[Rpm-maint] File fingerprinting

Florian Festi ffesti at redhat.com
Mon Apr 28 14:39:43 UTC 2008


Hi!

I had some look into the file fingerprinting code. The purpose of this 
code is to find file conflicts. The main problem it has to solve is the 
fact that a file can be visible at different place in the directory tree 
if there are symlinks pointing to any of the parent directories. To 
solve this it does check for identical fingerprints of all files with 
the same basename.

A finger print consists of the device and inode number of the parent 
directory and if this directory doesn't exist yet the finger print of 
that down most directory that does exist and the path from that 
directory to the file.

Finger prints are used for two things:

1. Check all files in the transaction against each other
 To do that the finger prints of all files in the transaction are put 
into a big hash table.
2. Check the files in the transaction against those in the rpmdb
 For each pkg:
  For each file:
   search the db for files with the same basename and create the 
fingerprints for them

Finger printing actually doesn't work as soon as there are some symlinks 
involved that are not installed yet. I attached 3 spec files that show that.
Install the README rpm that then install FOO and FOO-DOC at once.
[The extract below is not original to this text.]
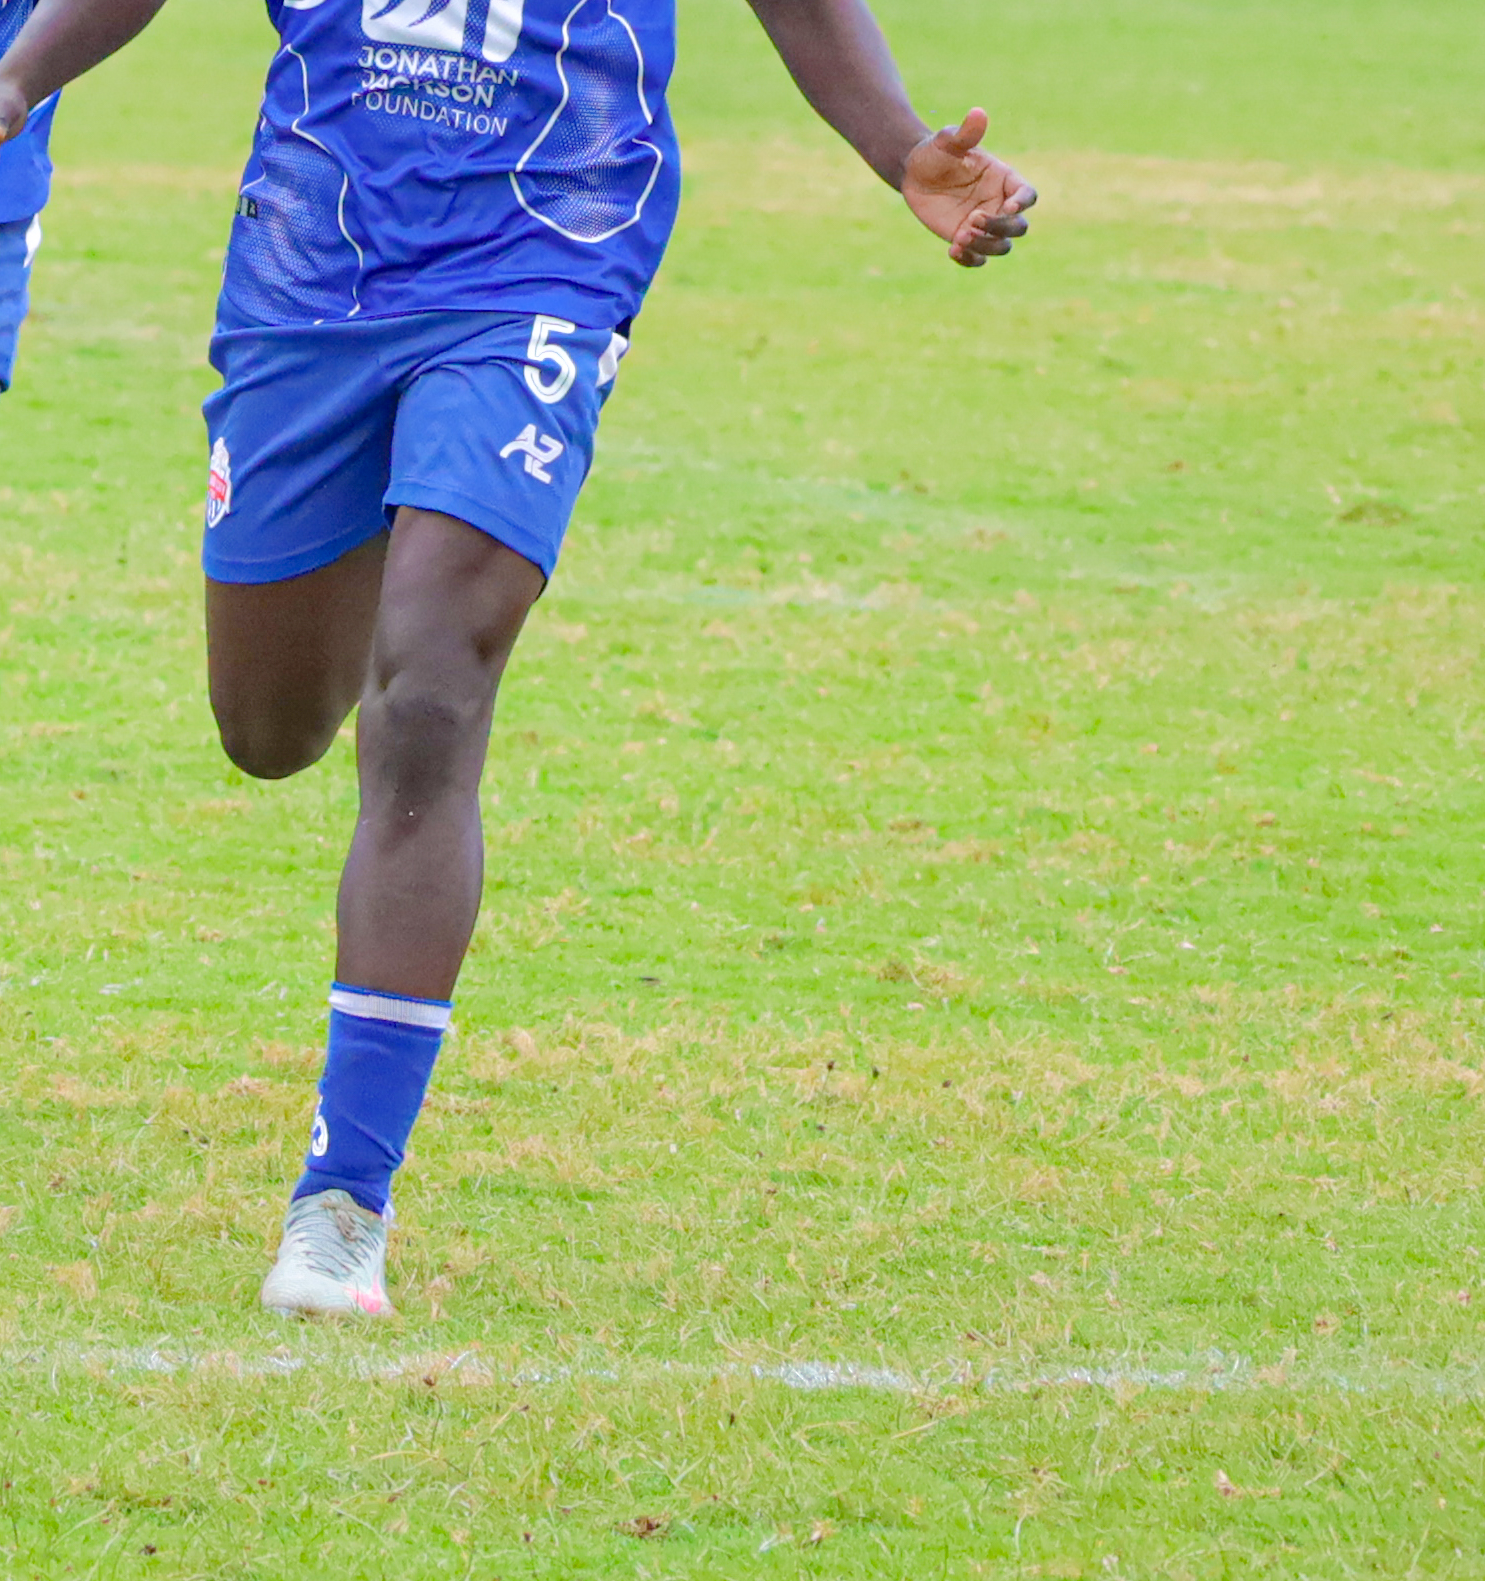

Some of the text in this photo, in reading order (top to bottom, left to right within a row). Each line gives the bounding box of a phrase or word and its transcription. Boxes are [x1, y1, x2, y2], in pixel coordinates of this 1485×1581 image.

[358, 45, 519, 87] JONATHAN
[351, 91, 508, 137] FOUNDATION
[524, 314, 577, 404] 5
As you 
can see /usr/share/README-1/README gets over writen without warning.
If README and FOO are already installed installing FOO-DOC raises an 
error as expected.

The packages contain:
README: /usr/share/README-1/README
FOO: /usr/share/FOO-1 -> README-1
FOO-DOC: /usr/share/FOO-1/README

The 2. part is also quite inefficient as it checks the same basename 
over and over again for each pkg containing a file with the same 
basename (Good candidates are README, Copying, ...). This leads to a 
kind of quadratic runtime behavior (installed files * to be installed 
files with the same basename). To get rid of this the file finger prints 
need to be checked for the whole transaction and not only per pkg. This 
requires changing the data structures involved (pointing back from the 
installed files to the "to be installed files") and reversing the way 
the files are traversed.

This will require that we keep all matching files in memory at once. As 
they can be represented (pkg num, file num) + (*pkg, file num) of the to 
be installed pkgs this should be possible in a few dozen bytes per file 
which means a few MB for some 100,000 files.